- Genre: Children's television
- Based on: Sylvanian Families by Epoch
- Written by: Pat Posner
- Directed by: Jo Pullen Martin Pullen
- Narrated by: Bernard Cribbins
- Composer: Herbert Chappell
- Country of origin: United Kingdom
- Original language: English
- No. of episodes: 4

Production
- Executive producer: Graham Clutterbuck
- Producer: Barrie Edwards
- Editor: Rob Dunbar
- Running time: 10 minutes
- Production company: FilmFair

Original release
- Release: 25 May 1988

Related
- Sylvanian Families (1987) Sylvanian Families (2007)
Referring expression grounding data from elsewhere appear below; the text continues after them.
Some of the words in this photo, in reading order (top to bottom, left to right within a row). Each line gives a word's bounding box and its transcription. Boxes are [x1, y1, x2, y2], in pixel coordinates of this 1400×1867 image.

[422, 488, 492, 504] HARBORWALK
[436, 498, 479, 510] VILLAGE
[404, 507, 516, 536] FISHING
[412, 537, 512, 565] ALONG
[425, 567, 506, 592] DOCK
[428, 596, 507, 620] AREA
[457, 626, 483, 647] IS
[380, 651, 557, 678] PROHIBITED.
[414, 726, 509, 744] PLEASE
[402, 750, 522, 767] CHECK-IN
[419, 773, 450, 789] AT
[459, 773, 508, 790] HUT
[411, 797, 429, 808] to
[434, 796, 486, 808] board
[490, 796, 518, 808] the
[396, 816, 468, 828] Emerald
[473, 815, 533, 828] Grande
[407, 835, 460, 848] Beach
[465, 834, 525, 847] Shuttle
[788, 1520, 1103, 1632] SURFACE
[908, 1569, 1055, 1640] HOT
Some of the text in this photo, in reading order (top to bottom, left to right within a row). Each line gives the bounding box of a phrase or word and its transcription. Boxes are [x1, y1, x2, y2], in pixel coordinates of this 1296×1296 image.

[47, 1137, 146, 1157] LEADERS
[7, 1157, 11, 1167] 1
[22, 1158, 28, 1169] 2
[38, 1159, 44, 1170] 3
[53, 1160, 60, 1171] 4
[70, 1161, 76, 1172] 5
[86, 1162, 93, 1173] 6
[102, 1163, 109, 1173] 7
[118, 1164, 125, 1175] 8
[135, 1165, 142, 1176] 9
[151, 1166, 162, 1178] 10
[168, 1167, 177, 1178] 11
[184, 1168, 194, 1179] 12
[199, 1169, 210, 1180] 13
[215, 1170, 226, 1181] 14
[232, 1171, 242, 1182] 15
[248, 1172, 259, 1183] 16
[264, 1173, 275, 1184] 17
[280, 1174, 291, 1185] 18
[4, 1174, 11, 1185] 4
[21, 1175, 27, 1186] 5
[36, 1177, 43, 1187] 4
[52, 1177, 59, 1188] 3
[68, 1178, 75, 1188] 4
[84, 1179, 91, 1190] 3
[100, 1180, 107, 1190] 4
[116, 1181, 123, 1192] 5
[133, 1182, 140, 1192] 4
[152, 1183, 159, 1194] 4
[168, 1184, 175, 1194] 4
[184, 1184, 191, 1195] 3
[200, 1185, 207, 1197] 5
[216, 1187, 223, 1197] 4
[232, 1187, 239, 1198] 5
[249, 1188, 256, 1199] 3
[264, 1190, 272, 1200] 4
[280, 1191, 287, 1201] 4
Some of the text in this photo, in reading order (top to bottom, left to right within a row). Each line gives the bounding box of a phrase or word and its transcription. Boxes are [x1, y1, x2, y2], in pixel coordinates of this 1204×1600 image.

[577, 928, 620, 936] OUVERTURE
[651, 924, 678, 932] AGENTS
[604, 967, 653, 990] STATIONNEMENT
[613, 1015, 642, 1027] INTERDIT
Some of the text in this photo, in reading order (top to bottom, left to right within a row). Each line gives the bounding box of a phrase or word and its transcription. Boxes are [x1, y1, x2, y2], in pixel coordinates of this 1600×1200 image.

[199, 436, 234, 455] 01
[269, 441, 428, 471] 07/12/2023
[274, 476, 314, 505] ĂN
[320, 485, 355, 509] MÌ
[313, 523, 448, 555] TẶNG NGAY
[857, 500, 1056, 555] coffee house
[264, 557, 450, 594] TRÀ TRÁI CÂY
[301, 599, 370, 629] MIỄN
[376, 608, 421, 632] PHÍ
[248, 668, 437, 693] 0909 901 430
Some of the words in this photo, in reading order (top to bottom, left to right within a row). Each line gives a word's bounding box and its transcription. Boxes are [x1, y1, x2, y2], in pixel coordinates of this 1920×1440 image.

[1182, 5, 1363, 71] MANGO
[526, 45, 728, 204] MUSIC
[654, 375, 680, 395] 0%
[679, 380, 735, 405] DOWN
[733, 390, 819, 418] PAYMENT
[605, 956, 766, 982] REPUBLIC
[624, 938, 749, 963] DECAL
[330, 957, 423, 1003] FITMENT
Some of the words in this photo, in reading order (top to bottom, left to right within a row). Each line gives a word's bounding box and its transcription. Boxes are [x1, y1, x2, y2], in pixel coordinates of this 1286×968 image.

= Stories of the Sylvanian Families =

Stories of the Sylvanian Families is a British children's television miniseries produced by FilmFair for Tomy UK and Epoch Co., and directed by Jo and Martin Pullen. It is the second animated series based on the Sylvanian Families media franchise, and the only one animated in stop motion. The series was released direct-to-video through The Video Collection in May 1988, and features four episodes, each narrated by Bernard Cribbins.

==Overview==
In contrast to the 1987 animated series, Stories of the Sylvanian Families is a pure slice-of-life series that focuses on a different set of characters and does not feature humans or villains. Each of the four episodes focuses on a different character and the problems they may face.

==Characters==
- The Babblebrooks (grey rabbits): Grandfather Cliff, Grandmother Pearl, Father Rocky, Mother Crystal, Brother Bubba, Sister Breezy, Baby Sandy and Baby Coral
- The Evergreens (grey bears): Grandfather Ernest, Grandmother Primrose, Father Forrest, Mother Honeysuckle, Older Brother Logan, Older Sister Summer, Brother Preston, Sister Ashley, Baby Dusty and Baby Poppy
- The McBurrows (moles): Father Digger, Mother Heidi, Brother Muddy, Sister Molly, Baby Monty and Baby Mo
- The Oakwoods (squirrels): Father Ollie, Mother Betsy, Brother Barnaby, Sister Bluebell, Baby Abbie and Baby Acorn
- The Slydales (foxes): Father Slick, Mother Velvette, Brother Buster, Sister Scarlett, Baby Skitter and Baby Lindy
- The Thistlethorns (mice): Father Chester, Mother Willow, Brother Lester, Sister Prissy, Baby Barry and Baby Heather
- The Timbertops (brown bears): Grandfather Gus, Grandmother Fern, Father Taylor, Mother Rose, Older Brother Birch, Older Sister Ivy, Brother Bud, Sister Daisy, Baby Burl and Baby Blossom
- The Treefellows (owls): Father Aristotle, Mother Arabella, Baby Winky, Baby Blinky and Baby Grumpy
- The Waters (beavers): Father Wade, Mother Nancy, Brother Roger, Sister Misty, Baby Bucky and Baby Bubbles
- The Wildwoods (brown rabbits): Grandfather Smokey, Grandmother Flora, Father Herb, Mother Ginger, Brother Rusty, Sister Hollie, Baby Barkley and Baby Juniper

==Episodes==

| No. | Title | Air date |
| 1 | "Lucky Mascot" | 25 May 1988 |
While exploring, Birch Timbertop finds a lost goat and takes it to school, but then has to take her back to the valley.
| 2 | "Camping Holiday" | 25 May 1988 |
In preparation for a storytime party with the Evergreens, Grandfather Ernest builds playpens, which end up as tents for a Camping Holiday.
| 3 | "Fun at the Fair" | 25 May 1988 |
In the Sylvanian fair, Buster Slydale plays a trick on his sister Scarlett. Scarlett and her friends decide to trick Buster back.
| 4 | "Lucky Clover" | 25 May 1988 |
Misty Water wants to miss out on Rusty's band due to her lack of musical talent, but finds a four-leafed clover, which makes her try out for the band.